I dont think they should say that


----------



## Paladin220 (Jun 2, 2017)

I've seen the app ask me in the after-block poll questions if the bathroom was clearly marked and if the facilities were clean. How can a warehouse then say that you can't use the bathroom?
As far as the other things - I have not seen that except that I think it is a rule everywhere that if you have a passenger with you, they have to remain in the car.
I load very quickly and am out in about 5 minutes after receiving my rack, so there would never be any need for workers to badger me, but i have seen people that lay out all of their packages on the floor and are sorting them all and taking a lot of time in loading there cars. Something should probably be said to people like that since they are slowing down the process for getting other people in to load their blocks.


----------



## UberPasco (Oct 18, 2015)

No using bathroom whilst in line to load. Same reason for not sorting in line. Take care of your IBS before or after loading. Unless, of course, you are behind me in line. Do whateva


----------



## GrumpZilla (Nov 7, 2019)

Nope. Cant use the bathroom AT ALL once you enter the warehouse.


----------



## peteyvavs (Nov 18, 2015)

Only in Texas.


----------



## Side Hustle (Mar 2, 2017)

GrumpZilla said:


> 1) Putting signs on your cars saying what time your block is with a notice of 15 minutes to sort and load?
> 2) No one on the floor to help, just you the account holder allowed on the floor at all times.
> 3) People yelling at you to hurry up and load. No sorting in the warehouse, do it outside.
> 4) Given a small card with rules such as "not allowed to use the bathroom".
> ...


Wow!!! I drove out of DDA3 for almost a year before they started soft blocking me. Quit them in Jan 08. How things have changed!!! New manager must be a real peach.


----------



## Ted L. (Jun 8, 2017)

GrumpZilla said:


> Nope. Cant use the bathroom AT ALL once you enter the warehouse.
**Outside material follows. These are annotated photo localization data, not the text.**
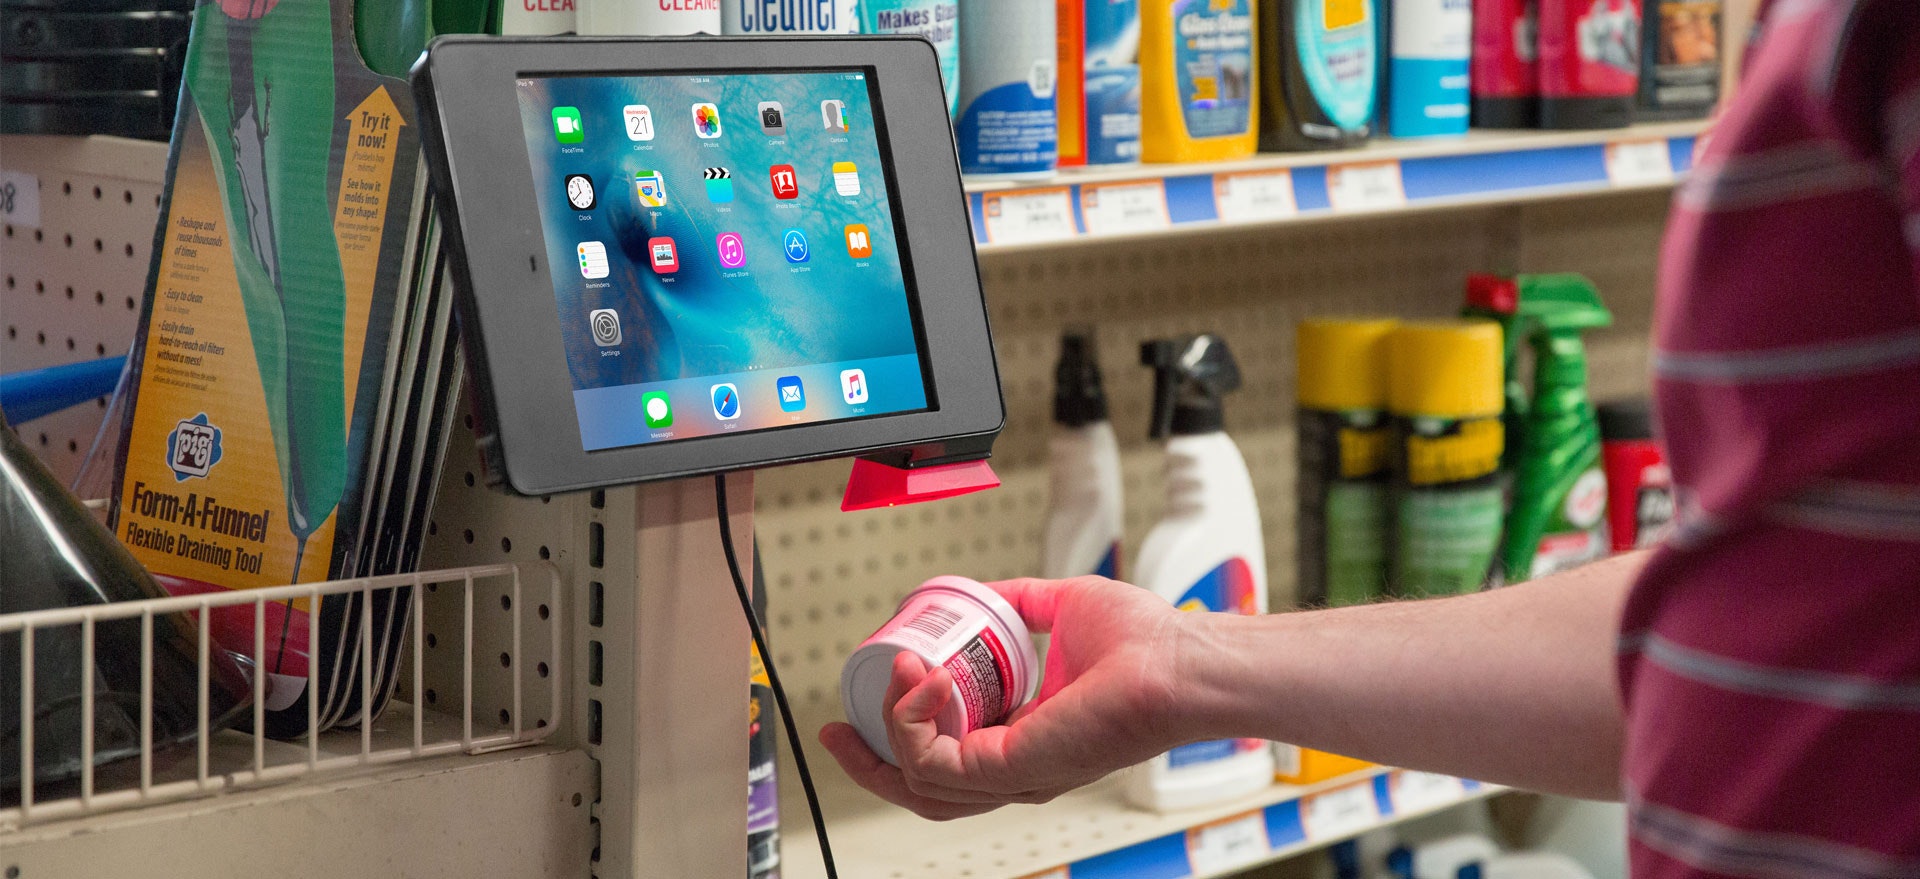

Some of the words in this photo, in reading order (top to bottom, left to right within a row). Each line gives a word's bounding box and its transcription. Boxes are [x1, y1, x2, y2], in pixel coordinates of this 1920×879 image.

[878, 9, 929, 30] Makes
[362, 111, 379, 133] Try
[380, 113, 391, 130] it
[631, 116, 649, 135] 21
[358, 133, 387, 149] now!
[347, 178, 359, 190] See
[360, 179, 374, 191] how
[375, 181, 382, 192] it
[344, 192, 364, 204] molds
[365, 194, 379, 205] into
[343, 207, 355, 218] any
[356, 207, 378, 220] shape!
[179, 216, 203, 232] Reshape
[203, 221, 217, 231] and
[177, 232, 192, 243] reuse
[192, 233, 223, 247] thousands
[174, 245, 182, 256] of
[181, 248, 197, 258] times
[166, 288, 180, 303] Easy
[180, 291, 188, 301] to
[187, 291, 204, 304] clean
[161, 320, 178, 335] Easily
[178, 323, 195, 336] drain
[159, 334, 199, 351] hard-to-reach
[198, 341, 208, 352] oil
[207, 343, 225, 356] filters
[601, 349, 620, 357] Settings
[157, 349, 180, 363] without
[184, 355, 203, 366] mess!
[724, 422, 737, 430] Safari
[651, 430, 674, 439] Messages
[177, 426, 213, 467] pig
[131, 481, 270, 544] Form-A-Funnel
[126, 522, 175, 554] Flexible
[176, 534, 233, 570] Draining
[235, 547, 263, 575] Tool
I'm pretty sure this isn't consistent with Amazon policy.

One of the warehouses I regularly work out of (DEW8) empties out the bags into the carts. Of course I completely ignore the workers if they try to hurry me during my sort.


----------



## GrumpZilla (Nov 7, 2019)




----------



## UberPasco (Oct 18, 2015)

GrumpZilla said:


> View attachment 418772


Oh! The Horror! They actually wrote down the process that has been in place for years! Bigger question is how many languages does that come in?


----------